Mientras las personas refugiadas en Serbia están encerradas forzosamente en campos, algunos de ellos custodiados por el Ejército, la ciudadanía ya lleva una vida normal y los políticos usan a los migrantes para su campaña electoral.

Soldados serbios registran a varios migrantes junto al campo de Sid. - REUTERS
Soldados serbios registran a varios migrantes junto al campo de Sid. - REUTERS/Marko Djurica

Muchos niños juegan y corretean de un lado a otro sobre prados ya sin hierba, rodeados de mini casetas blancas. Tras ellos, unas rejas que encierran ese lugar en el que viven y al que le llaman campo de refugiados. Y después, tanques y militares armados rodeando esa reja. Un poco más allá de ese recinto cerrado a modo de prisión, está la vida real, personas en las calles, terrazas llenas de gente, música balcánica y humo de cigarro que abarrota el espacio público como si nunca un virus hubiese paralizado la vida.

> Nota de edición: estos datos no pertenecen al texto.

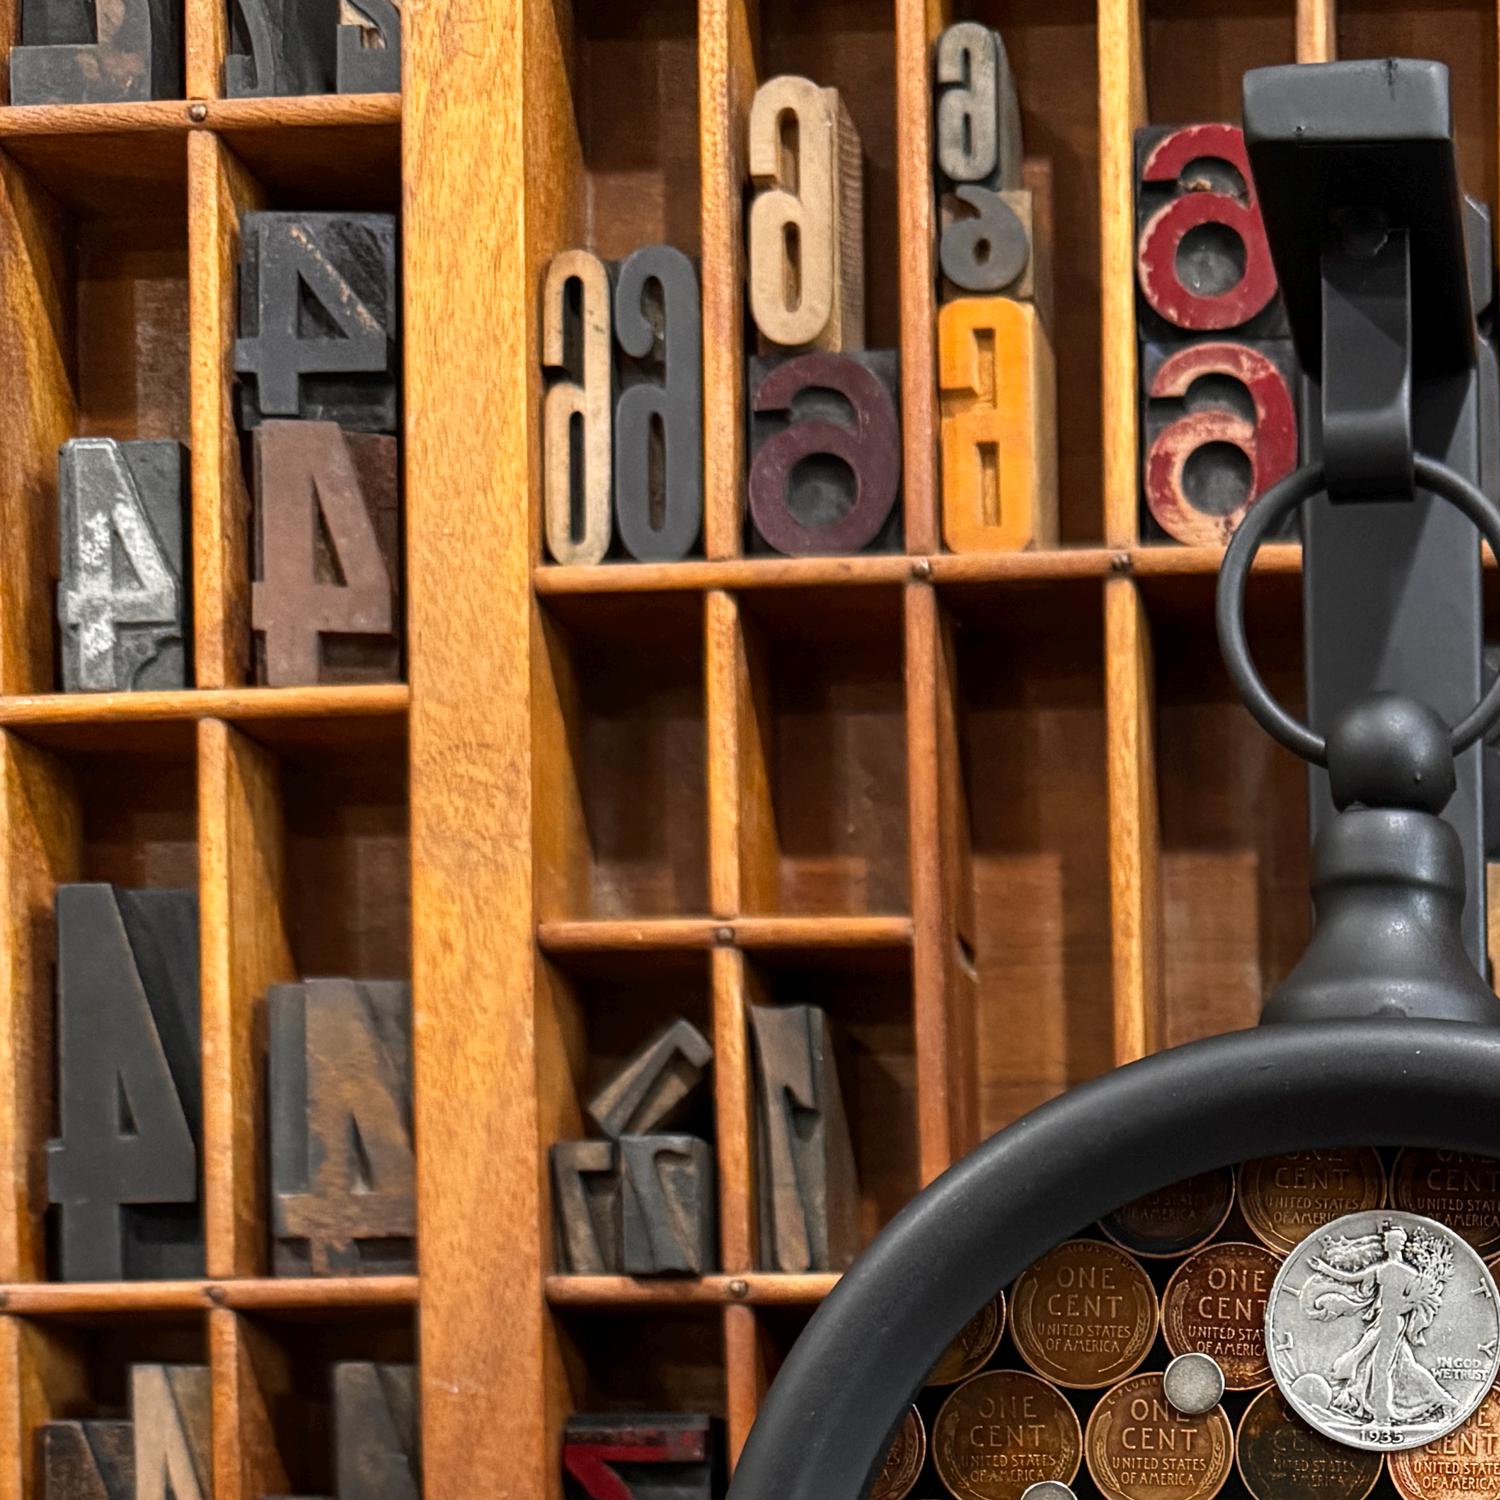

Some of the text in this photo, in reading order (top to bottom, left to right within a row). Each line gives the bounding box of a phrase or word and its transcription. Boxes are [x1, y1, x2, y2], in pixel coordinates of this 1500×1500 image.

En Serbia, el estado de emergencia para contener una posible expansión del coronavirus se acabó el 6 de mayo. Los serbios son prácticamente libres, su desescalada tiene muy pocas restricciones a la vista del poco impacto de la covid-19 en el país. Pero los refugiados continúan encerrados a cal y canto, igual que durante las semanas críticas de la pandemia. El único alivio que  encuentran en la mayoría de campos es que, mientras duró el estado de emergencia, que comenzó el 15 de marzo, los campos oficiales de refugiados estaban rodeados de militares y tanques. Luego pasaron a ser custodiados por la Policía. A pesar de todo, en la localidad de Sid, al norte del país, muy cerca de Croacia, el Ejército sigue custodiando los tres centros que ahí existen.

Hombres uniformados, equipados con armamento y vehículos blindados de combate con pintura de camuflaje que vigilan a personas llegadas de Siria, Irak, Afganistán, Palestina y otros lugares en conflicto y guerra de los que huyeron hace tiempo. Y mucho menos ideal resulta para los campos destinados a familias, donde viven una gran cantidad de niños y niñas pasando las horas muertas correteando y jugando dentro de las rejas que cercan su espacio de vida.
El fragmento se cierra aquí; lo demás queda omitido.